In realtà, non c’è nulla di ‘losco’ e di oscuro nel parlare al contrario. Si tratta di una particolare dote, che se ben ‘coltivata’ può diventare un talento inusuale, utile per ora solo a stupire amici e conoscenti. In inglese si chiama “mirror speaking”, ovvero parlare allo specchio. Chi riesci a farlo non è geniale, ma ha semplicemente un particolare sviluppo dell’emisfero destro del cervello. Come spiega il neurologo di Reggio Emilia Renato Cocchi, unico in Italia ad occuparsi di questo fenomeno, “è la parte del cervello deputata a sopprimere la percezione del contrario, sia esso di una parola orale, scritta o di un sentimento, ma in queste persone il meccanismo soppressivo svanisce“. “Tutti percepiamo le parole al rovescio – precisa Cocchi -, perché ogni segnale che arriva al nostro cervello produce due immagini: una normale e una al contrario. La maggior parte delle persone ha la dominanza emisferica a sinistra per il linguaggio: se io dico “Roma”, il cervello di sinistra registra regolarmente “Roma”, ma quello di destra riceve contemporaneamente “Amor””.
Chi rovescia parole e frasi fa dunque ricorso all’emisfero destro che, nella maggioranza delle persone, resta meno utilizzato. Il dottor Cocchi studia da tempo questa alterazione del cervello, dovuta a fattori di varia natura, e negli anni Ottanta ha avuto la prima conferma alle sue teorie. Nell’Istituto neurologico Mondino di Pavia, dove lavorava, avviò i primi test su Paolo Viale Marchino, giovanissimo ‘mirror speaker’ che aveva iniziato a parlare al contrario dopo un’operazione al cervello. «Marchino, all’età di nove anni, era stato operato all’emisfero destro, affetto da un tumore benigno» racconta Cocchi. «Dopo l’operazione iniziò a rovesciare spontaneamente le parole e a capire più difficilmente la matematica, materia in cui eccelleva prima dell’intervento». Il neurologo prese in carico il suo caso e alla fine stilò un interessante saggio che fu pubblicato da una rivista scientifica belga. Sono passati trent’anni, ma questi studi non hanno avuto grande seguito.

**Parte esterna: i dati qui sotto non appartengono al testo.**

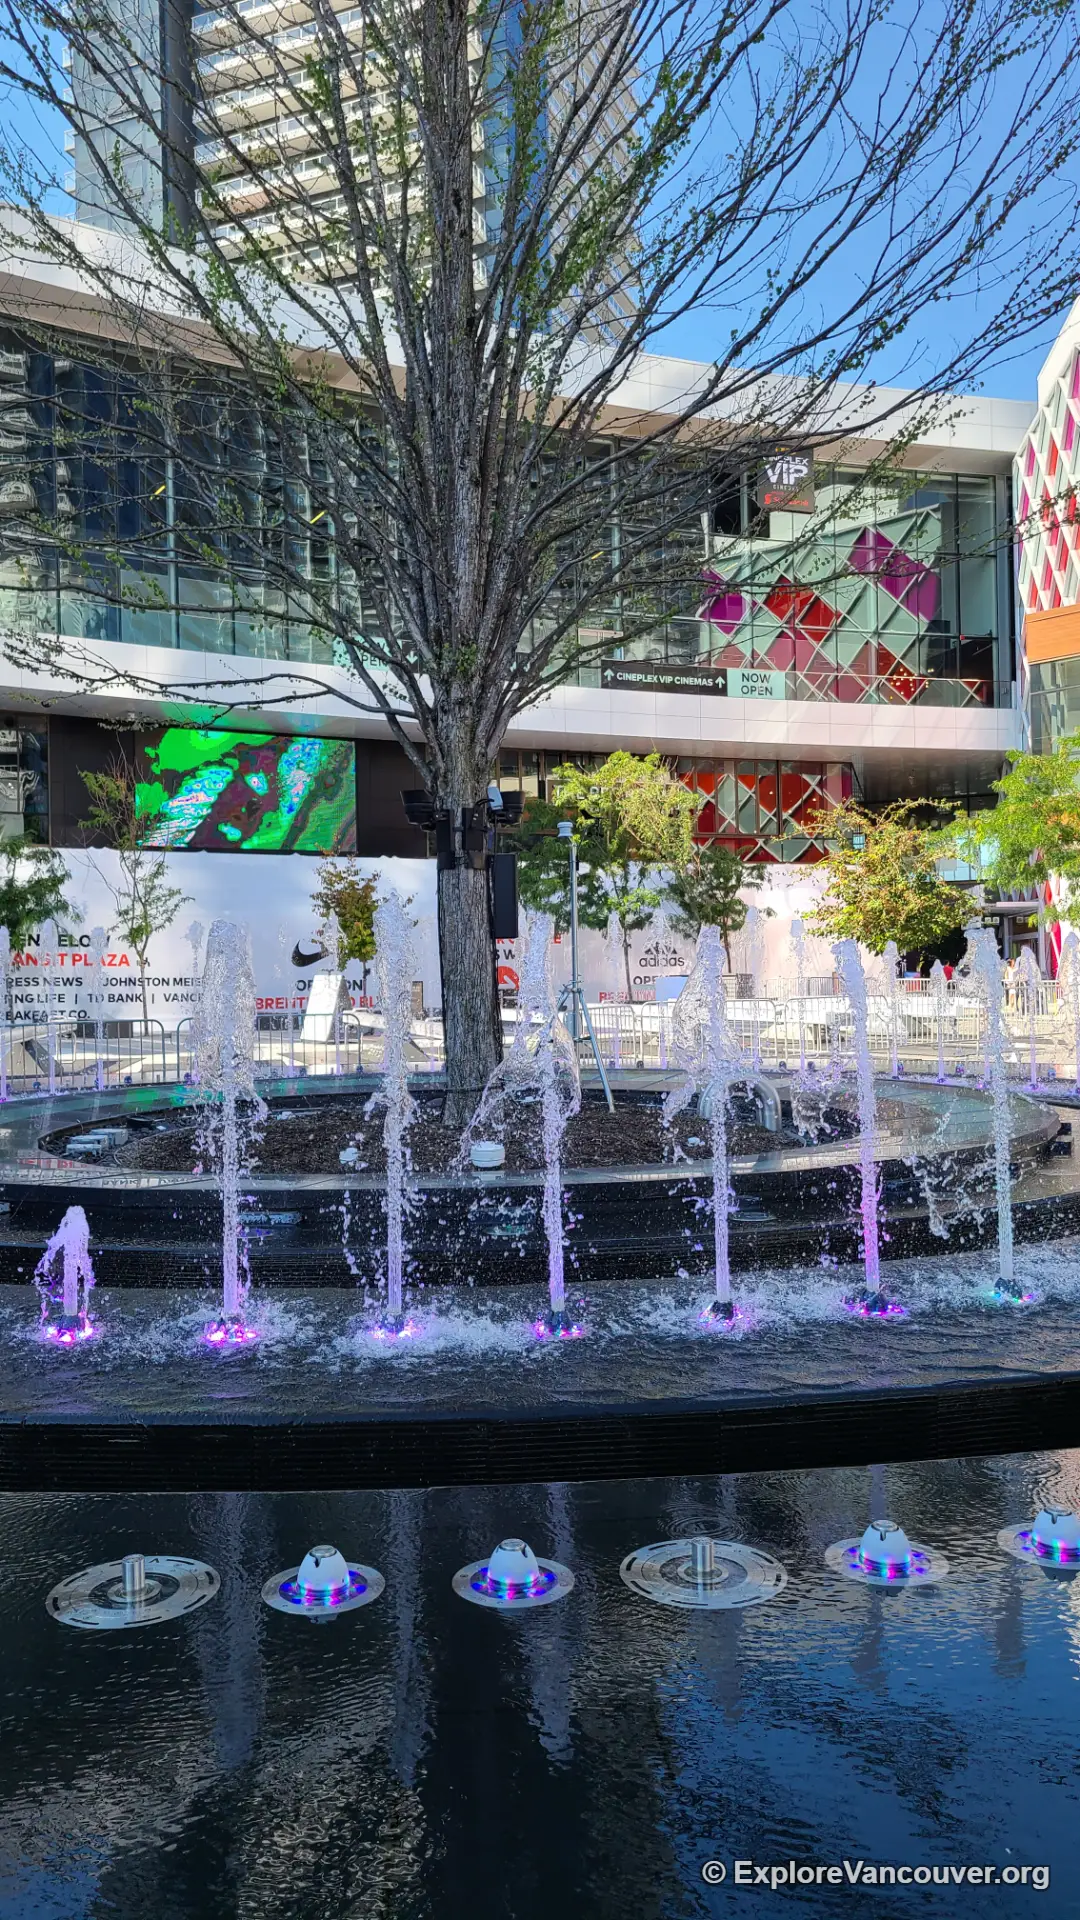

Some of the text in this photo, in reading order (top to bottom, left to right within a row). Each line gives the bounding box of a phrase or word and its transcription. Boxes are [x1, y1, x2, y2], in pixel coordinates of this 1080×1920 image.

[765, 462, 808, 485] VIP
[616, 671, 713, 687] CINEPLEX VIP CINEMAS
[741, 673, 771, 684] NOW
[740, 685, 773, 696] OPEN
[639, 955, 685, 967] adidas
[103, 977, 170, 987] JOHNSTON
[107, 993, 143, 1003] BANK

“L’emisfero destro è la sede della creatività, dell’irrazionalità, delle abilità artistiche, ma è probabile che chi parla al contrario abbia anche una buona predisposizione per la matematica in senso astratto» sottolinea il neurologo. «Nulla a che fare con conti e operazioni, che fanno capo all’emisfero sinistro, ma con la capacità di schematizzare e avere visione di insieme». L’emisfero destro ospita anche l’intuito ed è difficile stabilire se i mirror speakers leggano velocemente le parole al rovescio o le percepiscano per intuizione: “Probabilmente si verificano entrambe le cose” dice Cocchi, che precisa che chi parla al rovescio tende in genere ad essere un indeciso: “Non essendoci, in questi soggetti, un emisfero dominante sull’altro, ogni decisione presuppone, in egual misura, la valutazione del suo contrario. Nulla di allarmante per chi si limita a girare le parole. Il problema può arrivare quando si passa ai sentimenti, che pur essendo positivi si esprimono al negativo. In questo caso, lo studio del mirror speaking può essere di aiuto nella cura di alcuni tipi di depressione o di altre patologie neurologiche”.